1956 British thriller by Ken Hughes

The Brain Machine is a 1956 British thriller film directed and written by Ken Hughes and starring Maxwell Reed, Elizabeth Allan and Patrick Barr.

==Plot==
A husband and wife team of doctors attempt to stop a dangerously unbalanced man from committing a series of crimes.

==Cast==
- Maxwell Reed as Frank Smith
- Elizabeth Allan as Doctor Phillipa Roberts
- Patrick Barr as Doctor Geoffrey Allen
- Russell Napier as Inspector Durham
- Gibb McLaughlin as Spencer Simon
- Neil Hallett as Detective Superintendent John Harris
- Mark Bellamy as Louie, the gangster
- Bill Nagy as Charlie, gym owner
- Edwin Richfield as Henry Arthur Ryan
- Clifford Buckton as Edward Jarritt
- John Horsley as Doctor Richards
- Gwen Bacon as nurse-matron
- Donald Bisset as Major Gifford
- Thomas Gallagher as Bates, plant foreman
- Vanda Godsell as Mabel Smith
- Cyril Smith as prison warder
- Anthony Valentine as Tony
- Joan Tyrrell as woman in hallway
- Henry Webb as apartment janitor
- Dan Wilson as personnel manager
- Hilda Barry as Mrs. Wright
- Marianne Stone as hospital echnician

==Production==
The film was made at Merton Park Studios in South London by Anglo-Amalgamated. It was released as a co-feature, as part of a double bill. Berkshire Pictures Corp. later sued RKO claiming the latter did a poor job distributing.

==Critical reception==
The Monthly Film Bulletin wrote: "The opening scenes lead one to anticipate a science fiction story, but the film soon develops into a conventional crime thriller. Within its terms of reference, though, it is a good one, lacking in neither pace nor incident. Although the plot is largely formula, Ken Hughes' script is lively and his direction often shows imagination, particularly in the use of sound. Of the cast, Maxwell Reed is competent as Smith and Elizabeth Allan convincing as the psychiatrist; the acting otherwise is variable."

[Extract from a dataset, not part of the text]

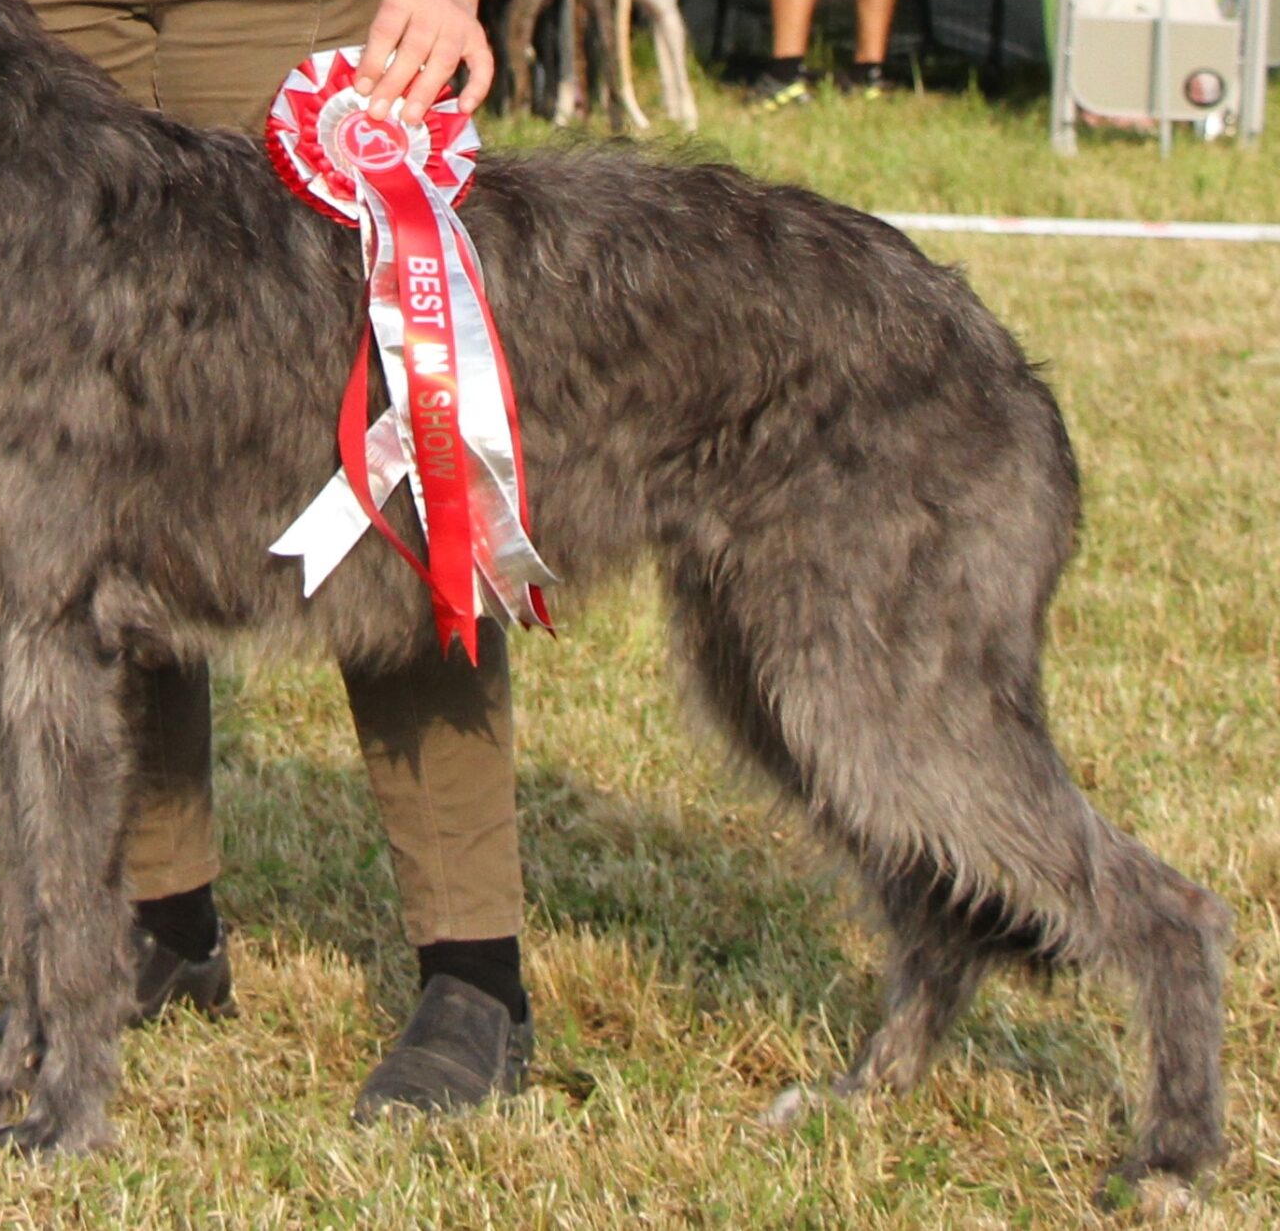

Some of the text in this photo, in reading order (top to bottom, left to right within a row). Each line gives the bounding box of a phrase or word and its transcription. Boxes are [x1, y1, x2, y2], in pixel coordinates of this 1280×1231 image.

The Radio Times Guide to Films gave the film 2/5 stars, writing: "This British B-movie begins, promisingly, in sci-fi mode but soon lapses into routine thrillerdom. ...Despite its cheap production values and leaden acting, the picture has a trashy energy that can be enjoyed if you disengage your own brain."

Filmink called it " a decent little thriller that feels like it wants to be sci-fi but isn't."